Kourkov, Andrei « Le pingouin » (2000) 272 pages
Auteur: de nationalité Ukrainienne , né à Boudougochtch, Leningrad , le 23/04/1961.
Il a déménage en Ukraine, à Kiev, dès sa plus tendre enfance et y a terminé ses études à l’institut d’État de pédagogie des langues étrangères en 1983.
Enrôlé en tant que gardien de prison à Odessa durant son service militaire, il en profite pour écrire des contes pour enfants.
C’est en 1991 que son premier roman paraît à Kiev, deux semaines avant la chute du communisme.
En 1993, « Le monde de Bickford » est nominé à Moscou pour le Booker Prize russe et l’année suivante « La chanson préférée d’un cosmopolite » gagne le prix de la compétition Heinrich Böll.
C’est son roman « Le pingouin », paru en France en 2000, qui lui apporte le succès, confirmé par ces romans suivants . Depuis 1996, il vit en partie à Londres.
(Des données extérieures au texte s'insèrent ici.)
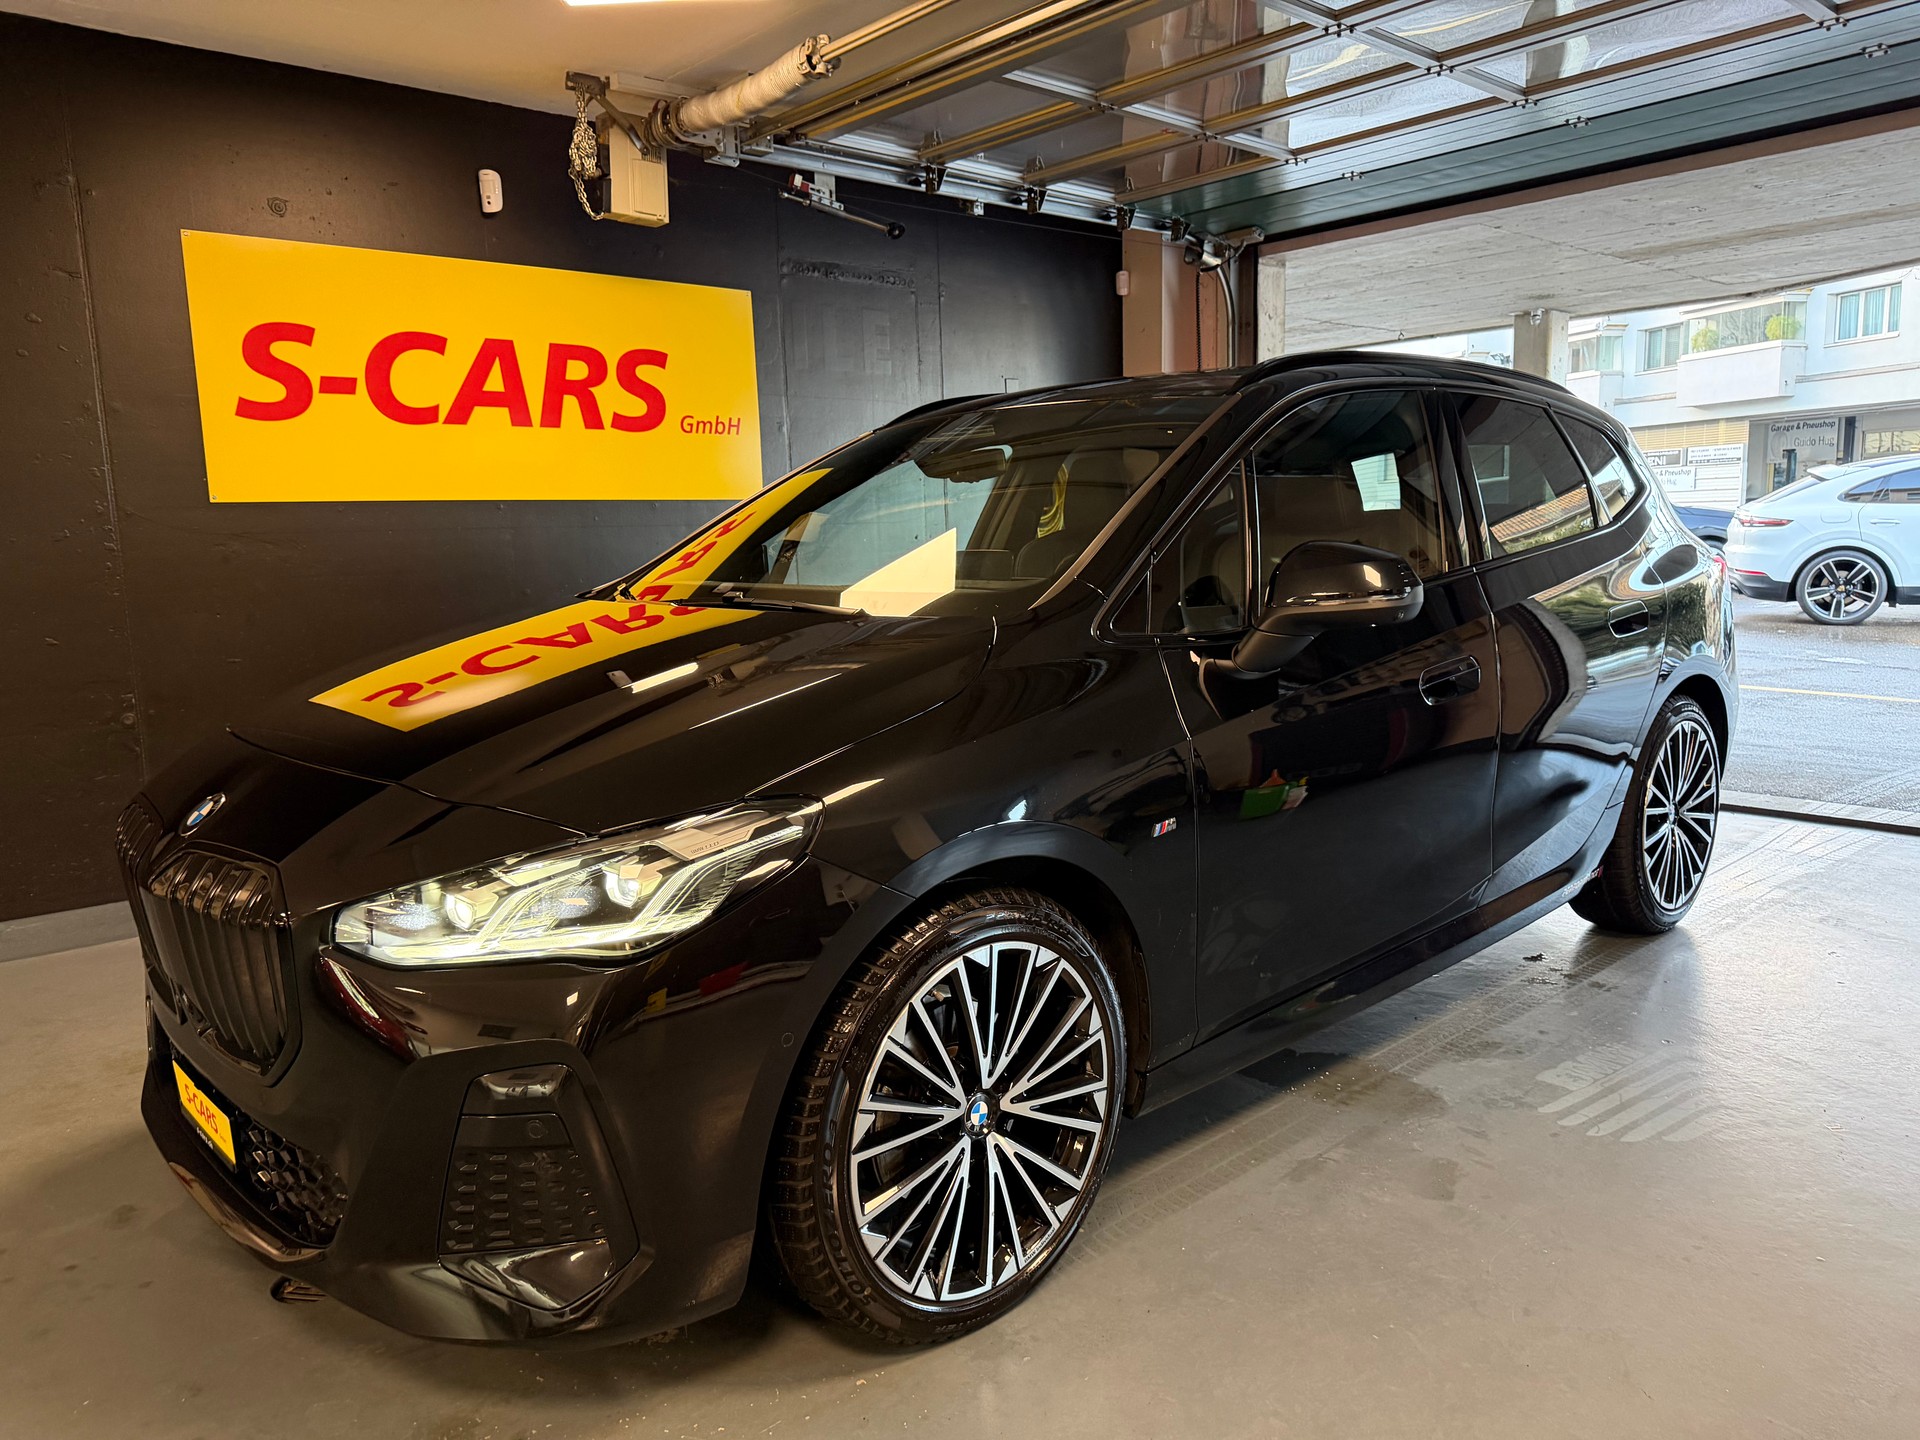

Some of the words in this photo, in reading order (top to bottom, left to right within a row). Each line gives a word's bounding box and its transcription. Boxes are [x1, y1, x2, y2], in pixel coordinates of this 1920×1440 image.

[234, 321, 669, 433] S-CARS
[679, 413, 742, 436] GmbH
[1770, 423, 1795, 432] Garage
[1795, 422, 1801, 430] &
[1802, 420, 1836, 430] Pneushop
[1793, 436, 1816, 447] Guido
[1818, 435, 1835, 447] Hug
[184, 1083, 219, 1134] S-CARS
Romans: Le Pingouin, 2000 – Le Caméléon, 2001 – L’Ami du défunt, 2002 – Les pingouins n’ont jamais froid, 2004 – Le Dernier Amour du président, 2005 – Laitier de nuit, 2010 – Surprises de Noël, « Piccolo » no 75, 2010 – Le Jardinier d’Otchakov, 2012
Liana Levi – 15.03.2000 – 274 pages /Liana Levi – Piccolo – 09.03.2022 – 272 pages (traduit du russe par Nathalie Amargier – Titre original : Smert postoronnevo 1996 )
Résumé:
Pour tromper sa solitude, Victor Zolotarev a adopté un pingouin au zoo de Kiev en faillite. L’écrivain au chômage tente d’assurer leur subsistance tandis que l’animal déraciné traîne sa dépression entre la baignoire et le frigidaire vide. Alors, quand le rédacteur en chef d’un grand quotidien propose a` Victor de travailler pour la rubrique nécrologie, celui-ci saute sur l’occasion. Un boulot tranquille et lucratif.
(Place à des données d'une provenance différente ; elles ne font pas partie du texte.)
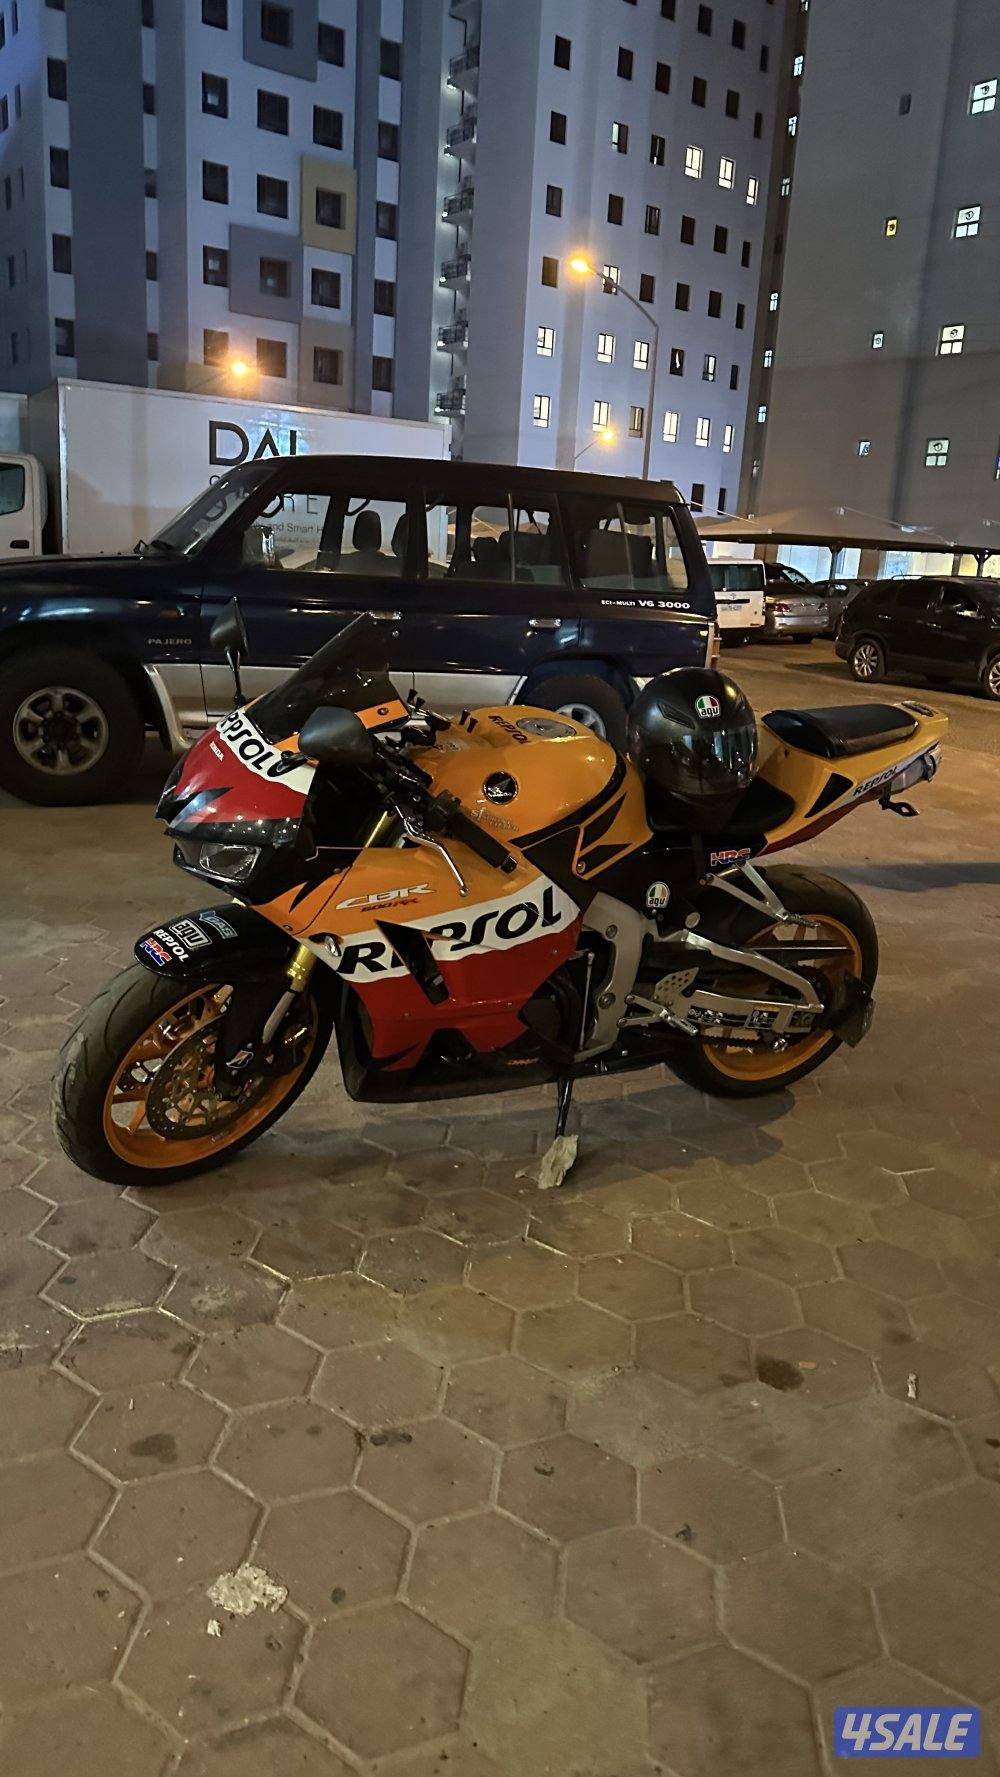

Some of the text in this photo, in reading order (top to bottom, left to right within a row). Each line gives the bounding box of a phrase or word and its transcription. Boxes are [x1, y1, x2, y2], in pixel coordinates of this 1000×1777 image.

[287, 522, 313, 533] Smart
[638, 599, 654, 607] V6
[658, 601, 690, 609] 3000
[488, 715, 532, 744] REPSOL
[853, 765, 897, 797] REPSOL
[710, 848, 751, 867] HRC
[336, 883, 437, 910] CBR
[336, 886, 562, 975] RPSOL
[140, 937, 172, 967] HRC
[153, 929, 189, 963] REPSOL
Sauf qu’il s’agit de rédiger des notices sur des personnalités… encore en vie. Et qu’un beau jour, ces personnes se mettent à disparaître pour de bon. Une plongée dans le monde impitoyable et absurde de l’ex-URSS. Un roman culte.
Mon avis:
Un livre extrêmement inattendu et original. Absurde et loufoque, certes mais pas que ! Et on mettra surtout en avant une sorte d’humour très caustique et bien à part. Derrière cette histoire de pingouin la manipulation est au rendez-vous. … Un auteur qui n’arrive pas à écrire et se retrouve embauché par la rédaction d’un journal pour écrire les nécrologies de personnes non disparues et publie sous le nom d’un groupe inexistant « Groupe de Camarades ». Les « petites croix » comme on les appelle seront ainsi disponibles au moment du décès et il n’y a plus qu’à publier immédiatement. Tout est prêt et disponible. Et je dirais même programmé… Et en plus de son salaire de journaliste nécrophile, l’argent va arriver par des biais totalement inattendus…
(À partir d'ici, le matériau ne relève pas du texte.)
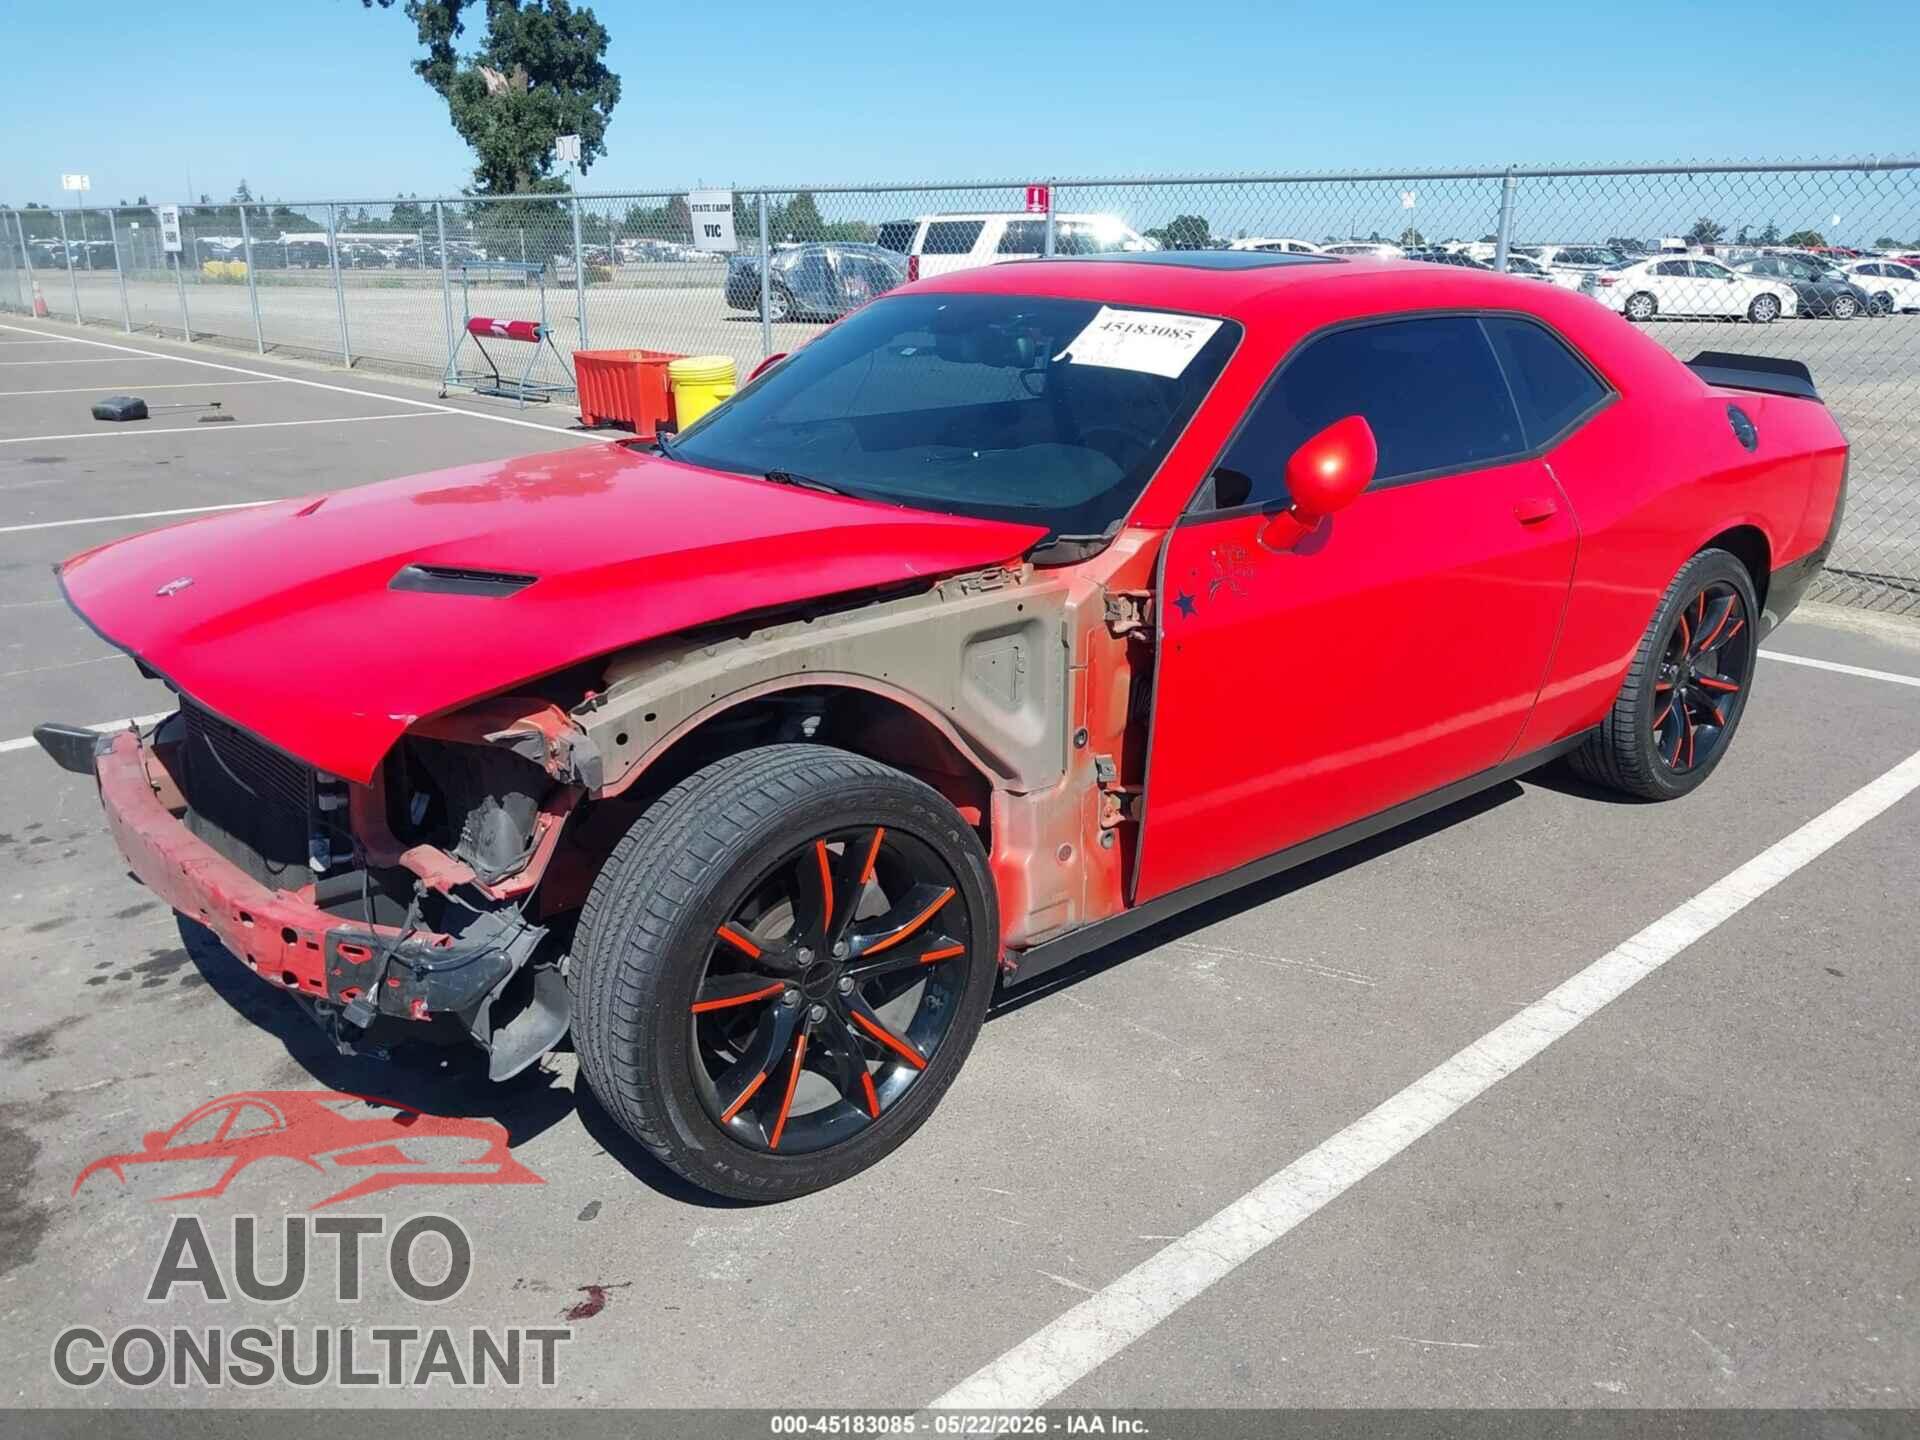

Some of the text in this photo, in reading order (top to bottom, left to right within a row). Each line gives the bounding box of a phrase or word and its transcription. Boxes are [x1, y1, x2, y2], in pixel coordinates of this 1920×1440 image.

Dans sa vie privée, l’homme vit seul avec un pingouin qui mange du poisson surgelé et prend des bains dans sa baignoire… Mais bientôt il va se trouver en charge d’une fillette Sonia, (Son père la laisse sous sa protection) puis viendra se greffer une jeune fille, Nina, qui devient la nounou de la fillette … mais pas que… Sans oublier un personnage en fin de vie, Pidpaly, le spécialiste des pingouins…
J’ai beaucoup apprécié les personnages : les gentils, les méchants, les qui traversent l’histoire sans savoir où ils vont et ce qu’ils font là… Et quand ils sont méchants et manipulateurs, c’est pas pour de faux ! Victor est l’anti-héros pas excellence. Il est dépressif tout comme son colocataire, le pingouin Micha.
Mais sous cette histoire… il y a la politique … Dans une Ukraine qui fait encore partie de l’ex-URSS, les rouages de la politique et de la société … la corruption, les journalistes inquiétés…
Et la fin est juste grandiose…
Extraits:
[…] les détails biographiques, qui, telle une pincée d’épices indiennes, transformaient la sèche constatation d’un triste fait en régal de gourmet.
L’automne est la saison idéale pour les nécrologies. C’est le temps du déclin, de l’affliction, du repli sur le passé. L’hiver, lui, correspond bien à la vie. Il est joyeux en soi, avec son froid vivifiant, sa neige qui scintille au soleil.
Il avait longtemps rêvé de devenir romancier, mais n’avait même pas été capable d’écrire une nouvelle. Il avait bien quelques manuscrits inachevés dans ses tiroirs, mais leur destin était d’y rester. Il n’avait pas de chance avec les muses. Pour une raison inconnue, elles ne voulaient pas rester assez longtemps dans son deux-pièces pour lui permettre de mener au moins une nouvelle à son terme. Telle était l’origine de ses échecs. Avec lui, les muses étaient incroyablement volages.
Souvent, la vie oblige à tuer, mais la mort d’un proche oblige à continuer à vivre, à vivre malgré out… Tout est lié. Tout en ce bas monde est uni par un réseau de vaisseaux sanguins. La vie est un tout, et c’est pourquoi la mort d’une petite partie de ce tout laisse de la vie après elle, car la quantité des éléments vivants d’un tout est toujours supérieure à celle des éléments morts…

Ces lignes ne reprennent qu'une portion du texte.